AI tools are not smart enough to carefully assess your financial circumstances, and therefore, their advice cannot be considered seriously.  


AI does not follow financial regulations 

When you take advice from a financial expert or financial service company, you are more likely to receive genuine advice. They are regulated by the FCA, so they will advise keeping your interests protected.  

For instance, if you are to take out loans for bad credit with an instant approval, they will review your credit report and income sources. If they find that your financial condition is not strong enough, they will likely lend you less money or repudiate your application. They will ensure that you do not end up borrowing more than you can afford. However, if you rely on AI tools, they do not use a holistic approach. 

They will make a decision based on how much you are left with after your regular expenses. If your incomings are greater than outgoings, you will naturally be approved, but AI cannot anticipate how likely your financial condition will be when you lose your job, for example.  

If a lender fails to offer you good advice or you find that they have made the decision in order to protect their self-interest, you can make a complaint to the Financial Ombudsman Service against that lender, but it is impossible to do the same against AI tools. You will be held responsible if you struggle after acting upon AI advice.  


Your data may not be secure 

In order to get meaningful advice from AI tools, you have to share your sensitive information. Not only your contact details, but your financial details will be shared with AI too. Not all platforms are built with strong privacy, and therefore, your crucial data is often compromised. You could be vulnerable to privacy breaches, data misuse, and even hacking, especially if your system is not secured.  

Financial planners, on the other hand, also collect sensitive data from you, and they cannot promise that your personal information will not be compromised, but they are regulated by the FCA. They are more likely to keep your information secure than AI networks. Further, AI platforms are not subject to the same standards.  


AI makes mistakes, too 

AI is often advertised as “the perfect.” You are often told that AI never makes a mistake. They can easily detect an object and prevent you from a fatal accident, for example. Likewise, AI in the financial industry carefully considers all aspects of your financial life and then makes a decision. But these claims do not seem to be true. Do not assume that AI cannot make a mistake. AI is biased. When it sees that your financial condition is better, it might be more flexible, even though your financial problems escalate due to that much flexibility.  
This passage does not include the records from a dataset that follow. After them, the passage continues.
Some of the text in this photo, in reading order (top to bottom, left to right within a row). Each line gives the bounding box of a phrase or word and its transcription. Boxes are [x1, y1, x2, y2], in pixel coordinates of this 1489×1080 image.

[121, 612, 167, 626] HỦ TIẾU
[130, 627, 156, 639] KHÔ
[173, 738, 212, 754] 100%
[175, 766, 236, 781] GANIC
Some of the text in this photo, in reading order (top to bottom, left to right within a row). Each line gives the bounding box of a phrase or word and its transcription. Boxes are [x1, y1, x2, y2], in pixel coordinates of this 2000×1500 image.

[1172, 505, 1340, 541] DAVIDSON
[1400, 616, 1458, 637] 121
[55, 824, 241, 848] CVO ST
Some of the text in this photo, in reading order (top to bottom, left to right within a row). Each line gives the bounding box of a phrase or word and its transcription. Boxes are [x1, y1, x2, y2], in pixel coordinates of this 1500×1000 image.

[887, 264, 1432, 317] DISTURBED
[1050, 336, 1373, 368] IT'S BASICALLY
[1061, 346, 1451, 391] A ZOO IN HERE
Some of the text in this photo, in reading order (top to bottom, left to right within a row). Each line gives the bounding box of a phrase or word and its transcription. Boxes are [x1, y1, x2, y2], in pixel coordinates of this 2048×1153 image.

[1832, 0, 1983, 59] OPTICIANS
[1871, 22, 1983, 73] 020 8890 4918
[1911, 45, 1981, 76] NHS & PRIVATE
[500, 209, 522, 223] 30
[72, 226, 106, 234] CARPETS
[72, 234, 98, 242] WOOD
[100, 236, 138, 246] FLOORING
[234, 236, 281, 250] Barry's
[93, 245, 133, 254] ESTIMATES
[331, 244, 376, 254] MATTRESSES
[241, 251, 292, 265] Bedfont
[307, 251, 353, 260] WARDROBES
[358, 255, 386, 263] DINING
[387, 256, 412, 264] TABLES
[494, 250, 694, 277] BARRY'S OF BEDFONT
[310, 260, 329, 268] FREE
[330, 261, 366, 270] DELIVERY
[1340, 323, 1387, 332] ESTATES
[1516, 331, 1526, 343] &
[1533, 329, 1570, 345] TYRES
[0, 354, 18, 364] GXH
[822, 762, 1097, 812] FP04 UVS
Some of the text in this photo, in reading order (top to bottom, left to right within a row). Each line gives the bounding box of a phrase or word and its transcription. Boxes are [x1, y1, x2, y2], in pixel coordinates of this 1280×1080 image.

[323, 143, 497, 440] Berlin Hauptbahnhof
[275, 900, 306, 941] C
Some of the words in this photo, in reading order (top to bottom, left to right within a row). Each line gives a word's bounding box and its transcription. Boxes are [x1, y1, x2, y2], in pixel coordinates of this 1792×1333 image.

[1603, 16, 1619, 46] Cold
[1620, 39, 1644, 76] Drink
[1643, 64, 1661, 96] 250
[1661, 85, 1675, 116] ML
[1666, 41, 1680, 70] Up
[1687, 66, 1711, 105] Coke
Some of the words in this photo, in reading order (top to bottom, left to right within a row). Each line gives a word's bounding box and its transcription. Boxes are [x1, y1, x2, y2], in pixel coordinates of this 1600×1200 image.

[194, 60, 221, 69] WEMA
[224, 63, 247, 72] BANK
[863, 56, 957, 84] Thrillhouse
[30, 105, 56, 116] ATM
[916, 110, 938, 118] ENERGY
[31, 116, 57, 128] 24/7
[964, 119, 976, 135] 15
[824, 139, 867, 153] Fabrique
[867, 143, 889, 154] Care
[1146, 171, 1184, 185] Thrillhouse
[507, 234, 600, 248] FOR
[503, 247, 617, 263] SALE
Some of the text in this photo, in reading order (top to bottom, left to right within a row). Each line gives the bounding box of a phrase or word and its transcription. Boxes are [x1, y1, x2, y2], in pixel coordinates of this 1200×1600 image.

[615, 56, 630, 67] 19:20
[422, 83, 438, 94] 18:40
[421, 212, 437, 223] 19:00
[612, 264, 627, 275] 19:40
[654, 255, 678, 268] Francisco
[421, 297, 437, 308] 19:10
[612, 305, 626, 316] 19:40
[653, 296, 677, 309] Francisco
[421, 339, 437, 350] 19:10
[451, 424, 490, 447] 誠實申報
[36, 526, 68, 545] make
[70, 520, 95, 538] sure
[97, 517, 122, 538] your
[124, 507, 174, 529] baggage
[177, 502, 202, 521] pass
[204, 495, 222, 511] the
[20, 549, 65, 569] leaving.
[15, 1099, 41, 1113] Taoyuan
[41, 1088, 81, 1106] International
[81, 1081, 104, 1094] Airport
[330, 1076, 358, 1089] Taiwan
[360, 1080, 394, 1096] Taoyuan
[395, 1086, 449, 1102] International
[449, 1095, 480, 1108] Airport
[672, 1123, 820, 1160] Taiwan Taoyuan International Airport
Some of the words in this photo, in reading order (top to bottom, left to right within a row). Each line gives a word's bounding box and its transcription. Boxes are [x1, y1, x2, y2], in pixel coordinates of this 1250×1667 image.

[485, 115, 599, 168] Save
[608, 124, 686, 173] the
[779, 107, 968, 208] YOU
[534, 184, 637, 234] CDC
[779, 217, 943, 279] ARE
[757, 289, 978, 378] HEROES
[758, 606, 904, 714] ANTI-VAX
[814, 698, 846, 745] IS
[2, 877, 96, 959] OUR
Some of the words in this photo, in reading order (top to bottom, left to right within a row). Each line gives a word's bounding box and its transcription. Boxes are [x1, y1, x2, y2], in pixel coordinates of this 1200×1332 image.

For instance, if you are to take out urgent loans for the unemployed, AI will fail to differentiate between savings and passive income sources. It will club all monetary resources you have and then recommend these loans to you. However, when you put in the application to a direct lender, they know that you have to discharge the debt only from your passive income. You cannot use savings. As a result, they will most likely cast aside your application. So, you should be careful while trusting suggestions from AI.  


AI lacks emotional intelligence 

No matter how well-trained an AI model is, it lacks emotional intelligence. Sometimes, financial decisions are made based on emotions. For instance, you will have to evaluate the impact of divorce, changing your career, etc. There are situations when patience is a virtue. However, if you rely on AI for any advice, you will be given some suggestions that would take a toll on your finances.  

For instance, if you have invested some money in the market, which is down at the moment. AI would anticipate the market condition based on fed trends and most likely ask you to sell it, but it could prove to be a major loss when the prices triple in the coming months. 


The bottom line 

AI could be good for general advice, such as budgeting and saving, but you rely on financial experts when it comes to making decisions about investment, borrowing, etc. AI is subject to a lot of risks that cannot be overcome. Human intelligence has a stronger and more positive impact than artificial intelligence.